Wenn die Beziehung kompliziert war
Manchmal werden Sie gebeten, für jemanden zu sprechen, den Sie aus der Distanz geliebt haben, oder mit Mühe. Spielen Sie keine Nähe vor, von der der Raum weiß, dass es sie nicht gab, und benutzen Sie das Rednerpult nicht, um irgendetwas zu begleichen. Sagen Sie, was wahr war, ehren Sie, was sich ehren lässt, und heben Sie den Rest für einen privaten Ort auf. Ein Sohn für einen entfremdeten Vater:
Mein Vater und ich sprachen eine Sprache aus langen Pausen, und ich werde nicht hier stehen und sie in etwas Leichteres übersetzen. Wir haben Jahre geschwiegen, mehr als einmal. Wessen Schuld es war, zählt mit jedem Tag weniger, und heute zählt es gar nicht. Was ich wahrheitsgemäß sagen kann, ist dies: Er hat mir das Angeln beigebracht, das Autofahren und einen Händedruck, der etwas meint. Er war der erste Mensch, den ich je im Stillen Geld verschenken sah. Er war kein einfacher Mann, und er war mein Vater, und beides ist zugleich wahr, und genau das haben die Pausen keinen von uns beiden je sagen lassen. Also sage ich es jetzt, für uns beide, laut. Ich hoffe, es wurde gehört. Ruh jetzt, Papa. Der Fluss ist still, der Händedruck gilt, und den Rest lasse ich das Wasser tragen.
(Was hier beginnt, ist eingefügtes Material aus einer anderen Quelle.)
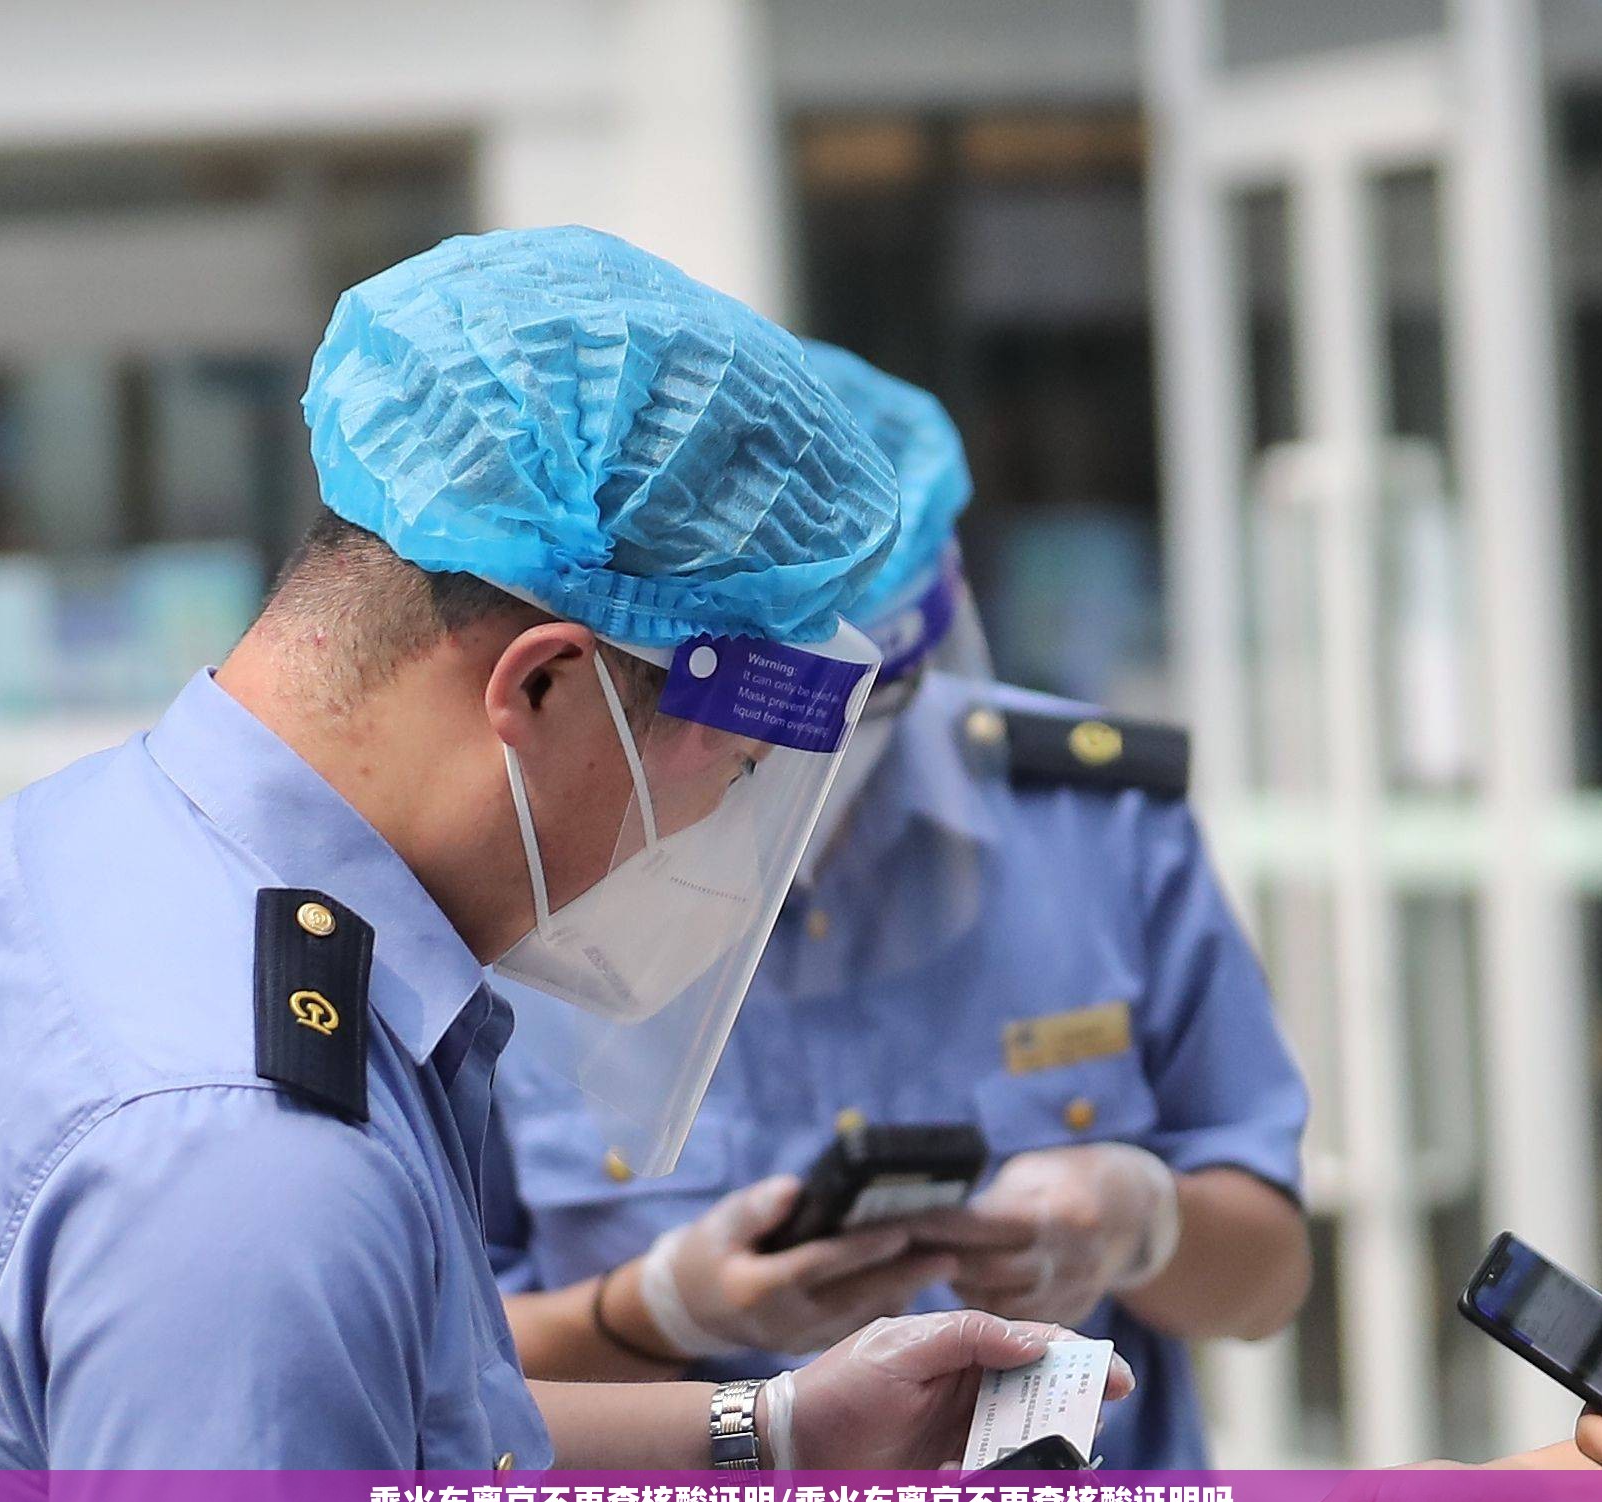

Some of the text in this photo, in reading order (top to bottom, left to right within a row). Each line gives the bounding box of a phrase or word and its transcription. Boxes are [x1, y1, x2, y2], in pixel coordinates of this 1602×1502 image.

[748, 652, 798, 677] Warning:
[752, 675, 772, 687] can
[774, 681, 797, 696] only
[738, 686, 766, 703] Mask
[768, 697, 805, 713] prevent
[733, 704, 761, 720] liquid
[763, 711, 786, 727] from
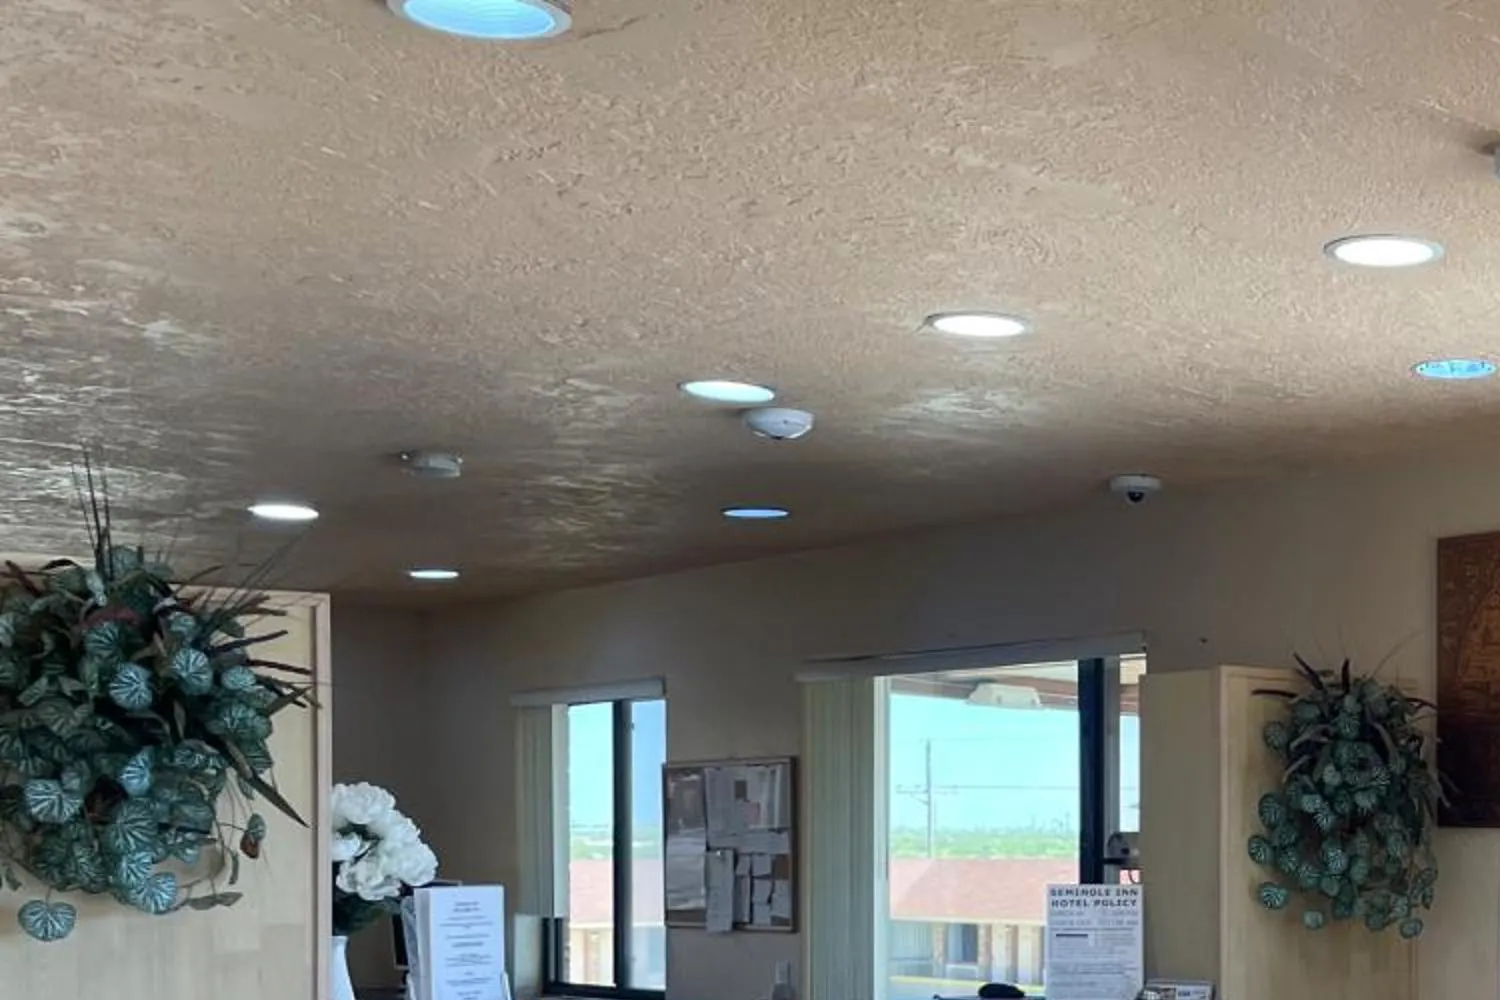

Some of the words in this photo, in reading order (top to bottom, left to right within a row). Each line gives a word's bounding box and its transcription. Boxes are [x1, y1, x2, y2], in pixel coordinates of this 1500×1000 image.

[1050, 887, 1110, 897] SEMINOLE
[1115, 887, 1138, 897] INN
[1051, 899, 1091, 908] HOTEL
[1094, 899, 1137, 908] POLICY
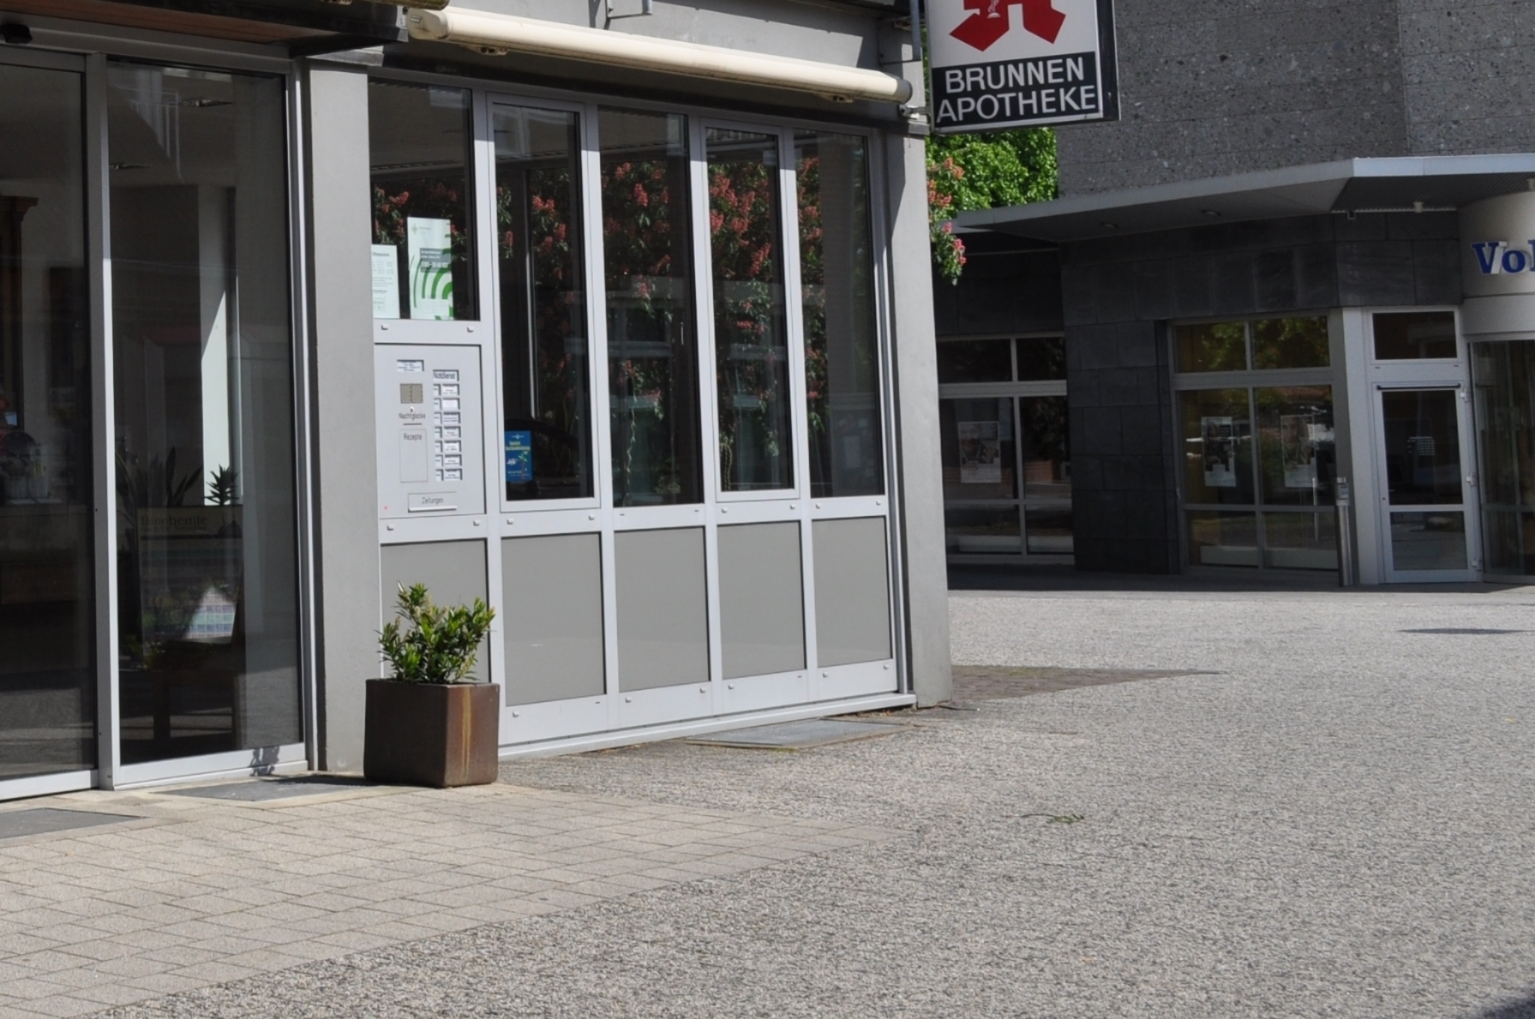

Eine Trauerrede kürzen, ohne sie zu verlieren

Wenn Sie eine Seite mit sechshundert Wörtern haben und zwei Minuten Zeit, kürzen Sie in dieser Reihenfolge. Zuerst die Chronologie: geboren, zur Schule gegangen, gearbeitet, geheiratet, dafür ist das gedruckte Programm da. Dann die Adjektive: Überall, wo Sie „großzügig" geschrieben haben, will eigentlich eine Geschichte passieren; behalten Sie die Geschichte, streichen Sie das Wort. Dann die Erinnerungen anderer Leute: verlockend aufzunehmen, unmöglich aus zweiter Hand gut zu erzählen. Überleben muss eine Geschichte mit intakten Details; eine Geschichte, deren Details abgeschliffen sind, stirbt am Rednerpult. Lesen Sie den Text dann einmal laut, mit Stoppuhr, denn die Seite lügt über die Länge, und Ihre Stimme tut es nicht. Beim lauten Lesen finden Sie außerdem den Satz, der Ihnen die Kehle zuschnürt; unser Leitfaden dazu, eine Trauerrede durchzustehen, ohne zu weinen, zeigt, was Sie mit diesem Satz tun, sobald Sie ihn gefunden haben.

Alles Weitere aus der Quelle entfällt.